Сама уединенность и труднодоступность замка уберегли его от разрушения. Никто не решился разбирать и увозить тяжелые дубовые бревна, а тем более кирпичи и каменную плитку на кровле ветшающего замка. Все, что удалось унести, местные крестьяне растащили много лет назад. Остальное было брошено и медленно уничтожалось беспощадным временем.

Из поколения в поколение этим благородным замком и прилегающими землями в трех упомянутых графствах владели представители рода де Лейси — англичане по происхождению, в давние времена поселившиеся в Ирландии и перенявшие ирландские обычаи и образ жизни. По крайней мере эту часть своих поместий они получили от короля Генриха VIII и держали, сопротивляясь превратностям судьбы, вплоть до самой революции[2] в Ирландии, когда были объявлены вне закона, лишены всех прав и, подобно многим аристократическим семействам той эпохи, навсегда исчезли.

Тогдашний владелец имения отправился в изгнание во Францию, где некоторое время служил в Ирландской бригаде[3], но впоследствии занемог. Он ушел в отставку, влачил жалкое существование при Сен-Жерменском дворе Якова II и умер в начале XVIII века — если мне не изменяет память, в 1705 году, — оставив единственного сына, едва достигшего двенадцати лет и нареченного странным, но знаменательным именем — Алтер[4].

И здесь начинается необычайная и непостижимая часть моей истории.

Умирая, отец призвал его к своему смертному одру, в присутствии одного лишь духовника потребовал, чтобы он, по достижении совершеннолетия, предъявил свои права на маленькое поместье в графстве Клэр, в Ирландии, унаследовать которое он мог по материнской линии, и вручил ему грамоты, подтверждавшие законность его притязаний. Затем он взял с сына клятву не жениться до тридцати лет, поскольку ранние браки отвращают от смелых поисков и великих свершений и подобная женитьба не позволит ему осуществить дело всей его жизни — восстановление попранных прав семьи. Далее он открыл сыну некую тайну, столь ужаснувшую мальчика, что тот горько заплакал и, дрожа, вцепился одной рукой в рясу священника, другой схватил холодеющее запястье отца и стал со слезами умолять его взять назад страшное признание.

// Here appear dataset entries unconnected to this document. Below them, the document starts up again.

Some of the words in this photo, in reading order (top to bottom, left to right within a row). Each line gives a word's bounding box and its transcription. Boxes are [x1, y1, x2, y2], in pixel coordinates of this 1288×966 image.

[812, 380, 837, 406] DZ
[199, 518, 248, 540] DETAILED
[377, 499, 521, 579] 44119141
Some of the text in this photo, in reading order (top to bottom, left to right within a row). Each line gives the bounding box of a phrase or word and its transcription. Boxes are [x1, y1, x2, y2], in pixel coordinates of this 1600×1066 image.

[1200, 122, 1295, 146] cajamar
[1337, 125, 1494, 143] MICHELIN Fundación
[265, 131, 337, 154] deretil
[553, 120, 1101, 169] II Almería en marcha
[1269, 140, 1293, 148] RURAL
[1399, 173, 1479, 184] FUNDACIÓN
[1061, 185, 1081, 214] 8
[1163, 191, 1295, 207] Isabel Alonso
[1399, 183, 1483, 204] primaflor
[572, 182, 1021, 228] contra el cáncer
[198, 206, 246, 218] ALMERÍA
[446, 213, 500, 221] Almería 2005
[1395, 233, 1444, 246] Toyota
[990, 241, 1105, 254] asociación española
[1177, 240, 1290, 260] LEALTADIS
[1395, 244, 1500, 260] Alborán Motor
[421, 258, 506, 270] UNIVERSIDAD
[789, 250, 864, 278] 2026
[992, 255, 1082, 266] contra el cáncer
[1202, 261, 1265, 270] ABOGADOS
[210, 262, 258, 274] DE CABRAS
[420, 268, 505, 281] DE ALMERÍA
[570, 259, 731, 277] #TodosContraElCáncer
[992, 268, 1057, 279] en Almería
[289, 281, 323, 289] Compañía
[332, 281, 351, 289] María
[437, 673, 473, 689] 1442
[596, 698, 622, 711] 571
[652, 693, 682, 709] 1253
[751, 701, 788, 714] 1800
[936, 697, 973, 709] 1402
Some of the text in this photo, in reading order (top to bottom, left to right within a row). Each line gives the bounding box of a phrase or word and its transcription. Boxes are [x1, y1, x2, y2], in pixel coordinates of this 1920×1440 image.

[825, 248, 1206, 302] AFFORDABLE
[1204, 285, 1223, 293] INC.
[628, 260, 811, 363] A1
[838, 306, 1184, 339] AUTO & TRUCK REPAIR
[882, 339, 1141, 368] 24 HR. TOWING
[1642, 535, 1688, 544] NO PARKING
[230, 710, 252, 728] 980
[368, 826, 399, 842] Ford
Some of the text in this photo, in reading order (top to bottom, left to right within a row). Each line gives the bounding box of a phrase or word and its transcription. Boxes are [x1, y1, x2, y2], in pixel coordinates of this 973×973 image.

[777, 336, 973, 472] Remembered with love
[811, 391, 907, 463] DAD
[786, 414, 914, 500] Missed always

Однако священник, несомненно осознавая необходимость такого шага, принудил его выслушать все до конца. Затем отец показал ему миниатюрный портрет, от которого мальчик также отпрянул с криком и на который отказывался взглянуть, пока его снова к этому не принудили. Отец и его духовник не отпускали мальчика, пока тот не запомнил черты изображенного на портрете и не смог подробно описать их по памяти, включая цвет глаз и волос, покрой и отделку платья. Потом отец дал ему этот портрет в полный рост, представлявший собою миниатюру дюймов девяти в длину, выполненную весьма изрядно маслом, гладкую, словно эмалевую, завернутую в лист бумаги и помещенную в черную шкатулку. Лист же был исписан ясным и разборчивым почерком.

Грамоты, подтверждавшие право собственности на землю, и эта черная шкатулка составляли все наследство разоренного якобита, которое он завещал своему единственному сыну и передал в руки священника, чтобы тот хранил его до тех пор, пока Алтер не достигнет возраста, когда сможет понять их важность и должным образом сберечь.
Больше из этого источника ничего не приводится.